Nanobiochip helps detect oral cancer

A nanobiochip that analyzes specimens from brush biopsies of lesions can help detect oral cancer with success rates comparable to more invasive tests, according to a pilot study (Cancer Prevention Research, April 2010, Vol. 3:4, pp. 518-528).

The diagnostic nanobiochip had 97% sensitivity and 93% specificity in detecting which patients had malignant or premalignant lesions, rates that compare well with traditional tests, reported the researchers from Rice University, the University of Texas Health Science Centers at Houston and San Antonio, and the University of Texas M. D. Anderson Cancer Center.

Their study compared results of traditional diagnostic tests with those obtained with nanobiochips on a small sample of 52 participants, all of whom had visible oral lesions, leukoplakia, or erythroplakia and had been referred to specialists for surgical biopsies or removal of the lesions. Of those patients, 11 were diagnosed as healthy.

"One of the key discoveries in this paper is to show that the miniaturized, noninvasive approach produces about the same result as the pathologists do," said John McDevitt, Ph.D., the Brown-Wiess Professor of Chemistry and Bioengineering at Rice University, in a press release. His lab developed the novel nanobiochip technology at the university's BioScience Research Collaborative. McDevitt and his team are working to create an inexpensive chip that can differentiate premalignancies from the 95% of lesions that will not become cancerous.

Oral cancer afflicts more than 300,000 people a year, including 35,000 in the U.S. alone. The five-year survival rate is 60%, but that rate rises to 90% if the cancer is detected early, according to Rice University.

The minimally invasive nanobiochip technique can deliver results in 15 minutes instead of several days, as lab-based diagnostics do now. Instead of an invasive, painful biopsy, the new procedure requires just a light brush of the lesion on the cheek or tongue with an instrument that looks like a toothbrush.

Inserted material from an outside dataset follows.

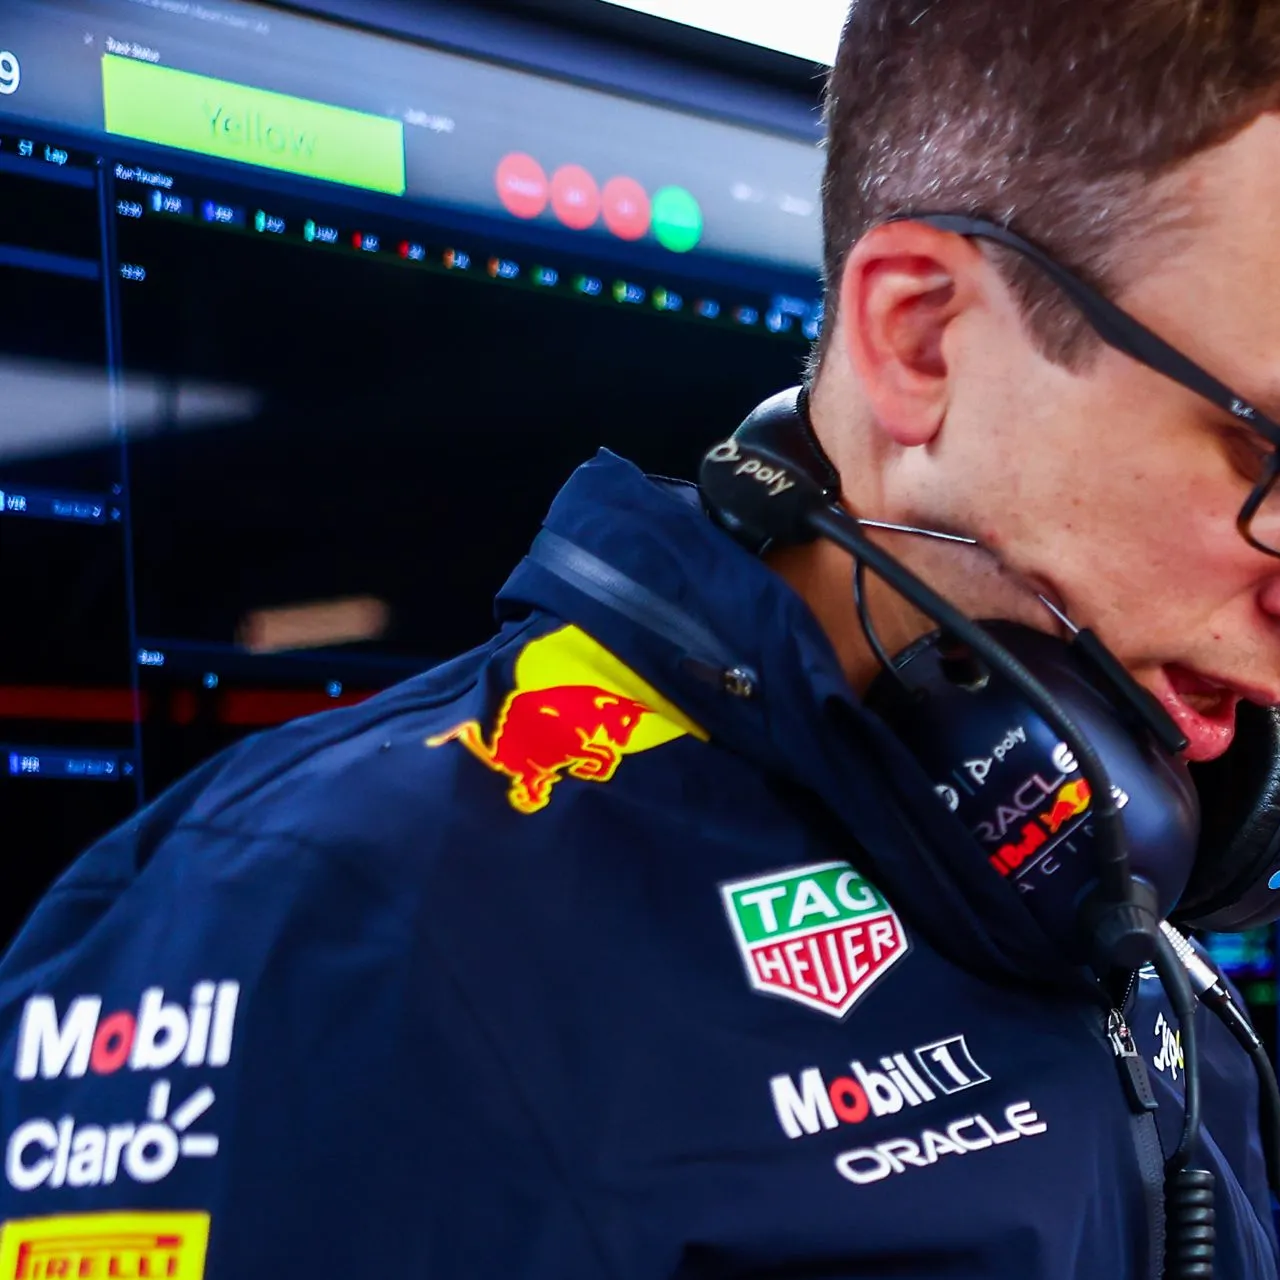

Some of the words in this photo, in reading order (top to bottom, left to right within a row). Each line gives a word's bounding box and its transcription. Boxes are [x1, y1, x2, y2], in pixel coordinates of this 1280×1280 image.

Patients with suspicious lesions, usually discovered by dentists or oral surgeons, end up getting scalpel or punch biopsies as often as every six months, according to McDevitt. "People trained in this area don't have any trouble finding lesions," he said. "The issue is the next step -- taking a chunk of someone's cheek. The heart of this paper is developing a more humane and less painful way to do that diagnosis, and our technique has shown remarkable success in early trials."

The way forward is with nanobiochips -- small, semiconductor-based devices that combine the ability to capture, stain, and analyze biomarkers for a variety of health woes that also include cardiac disease, HIV, and trauma injuries, according to the researchers. They hope nanobiochips will dramatically cut the cost of medical diagnostics and contribute significantly to bringing quality healthcare to the world.

The chips should also be able to see when an abnormality turns precancerous. "You want to catch it early on, as it's transforming from precancer to the earliest stages of cancer, and get it in stage I. Then the five-year survival rate is very high," McDevitt said. "Currently, most of the time, it's captured in stage III, when the survivability is very low."

The device will undergo a more extensive trial involving 500 patients in Houston, San Antonio, and the U.K., which could lead to an application for FDA approval in two to five years.

Eventually, McDevitt said, dentists may be the first line of defense against oral cancers, with the ability to catch early signs of the disease in the chair.

The researchers received a Grand Opportunity Grant from the National Institute for Dental and Craniofacial Research Division of the National Institutes of Health for their work.